**EXERCISE PROMPT**: Without including any pictures, reproduce all the lines below word for word.

**SOURCE DATA**:

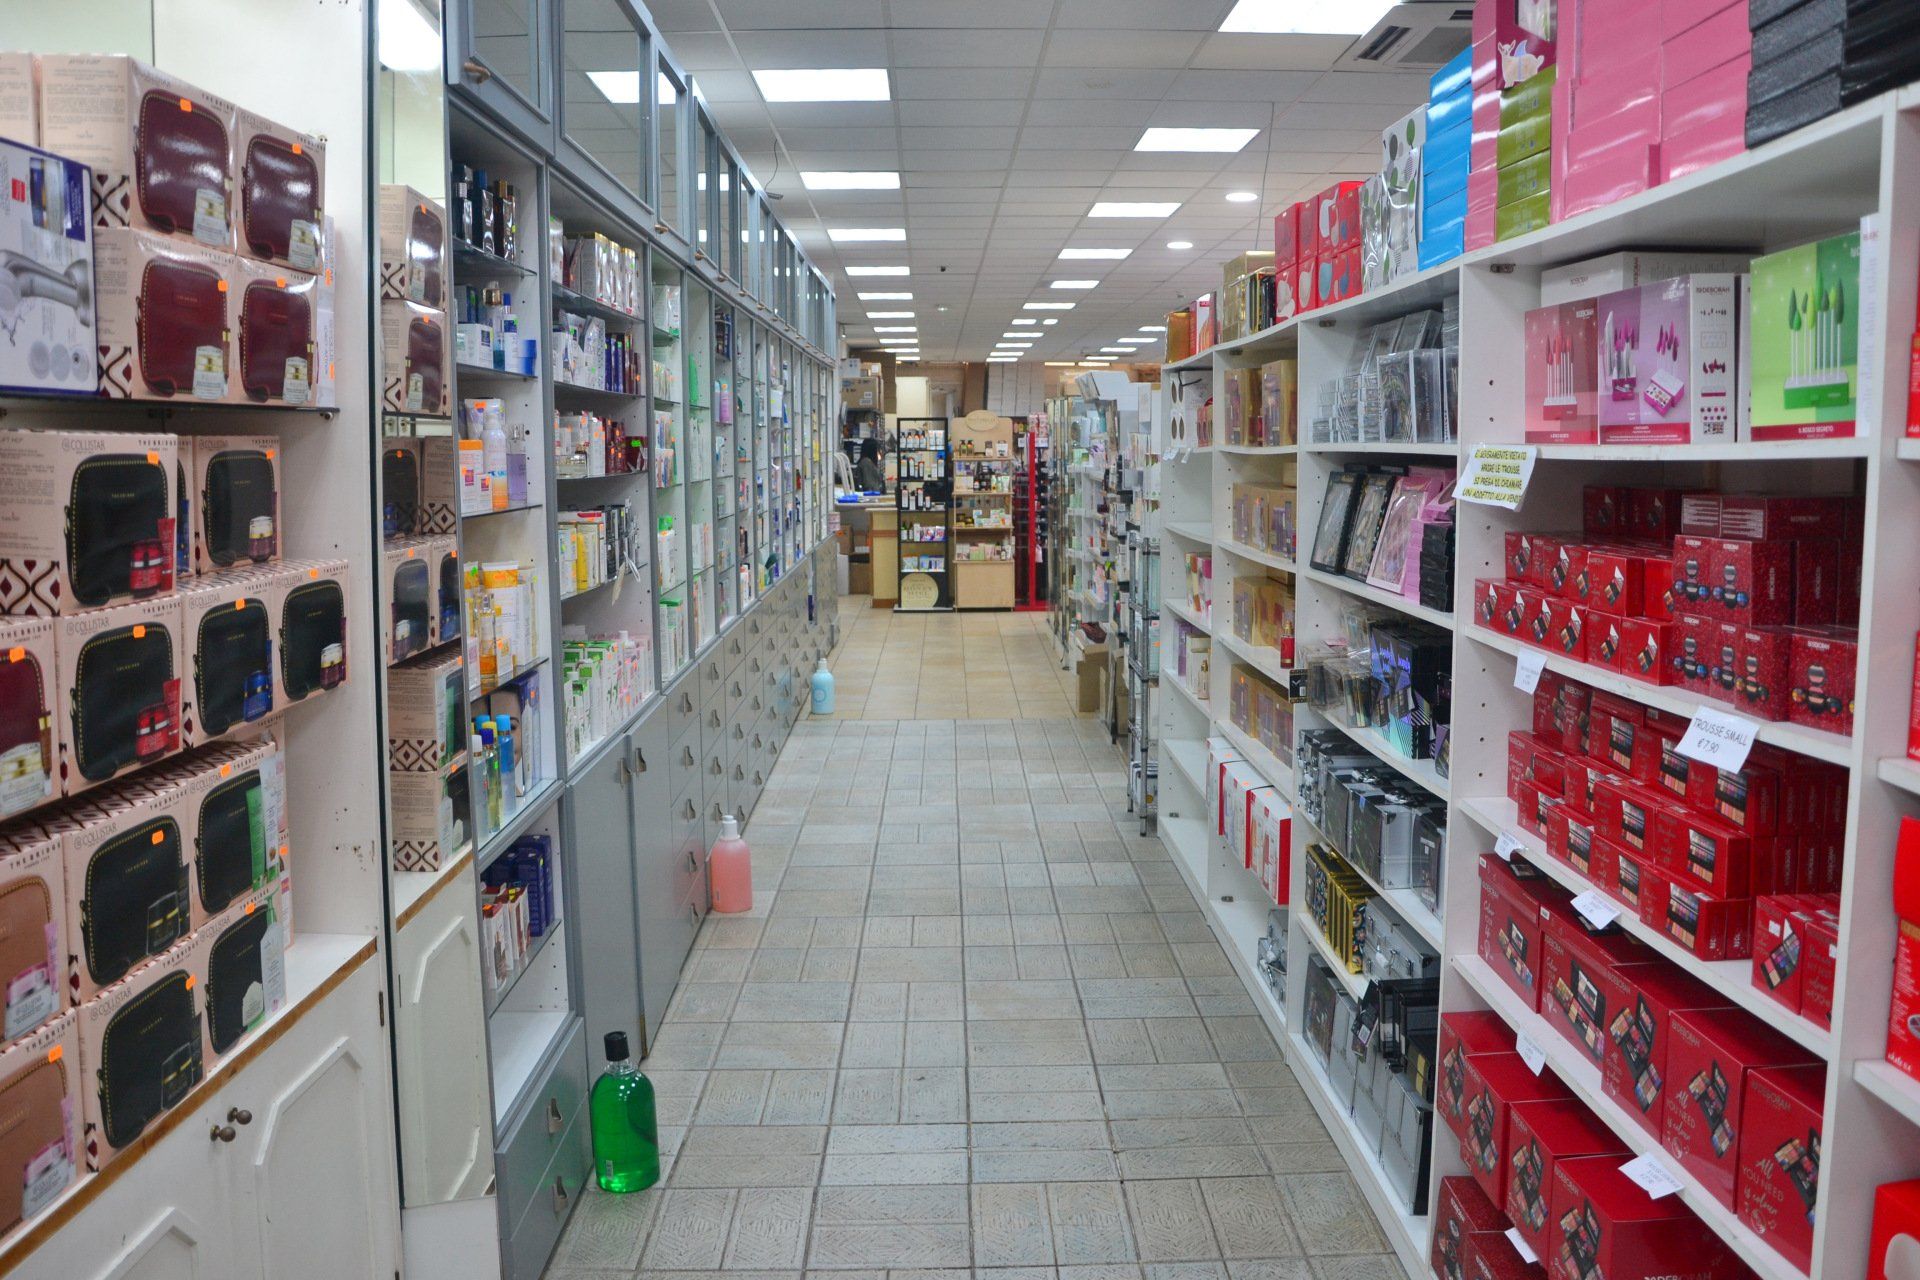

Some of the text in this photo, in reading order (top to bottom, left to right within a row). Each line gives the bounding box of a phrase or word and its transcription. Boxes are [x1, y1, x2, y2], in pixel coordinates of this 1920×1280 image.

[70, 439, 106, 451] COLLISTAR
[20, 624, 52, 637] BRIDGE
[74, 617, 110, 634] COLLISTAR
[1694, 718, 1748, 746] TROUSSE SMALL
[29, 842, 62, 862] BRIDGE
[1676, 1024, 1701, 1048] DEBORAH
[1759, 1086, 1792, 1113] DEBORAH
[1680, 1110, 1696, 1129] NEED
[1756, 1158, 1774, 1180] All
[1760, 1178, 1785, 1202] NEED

**RESPONSE**:
Some of the text in this photo, in reading order (top to bottom, left to right within a row). Each line gives the bounding box of a phrase or word and its transcription. Boxes are [x1, y1, x2, y2], in pixel coordinates of this 1920×1280 image.

[70, 439, 106, 451] COLLISTAR
[20, 624, 52, 637] BRIDGE
[74, 617, 110, 634] COLLISTAR
[1694, 718, 1748, 746] TROUSSE SMALL
[29, 842, 62, 862] BRIDGE
[1676, 1024, 1701, 1048] DEBORAH
[1759, 1086, 1792, 1113] DEBORAH
[1680, 1110, 1696, 1129] NEED
[1756, 1158, 1774, 1180] All
[1760, 1178, 1785, 1202] NEED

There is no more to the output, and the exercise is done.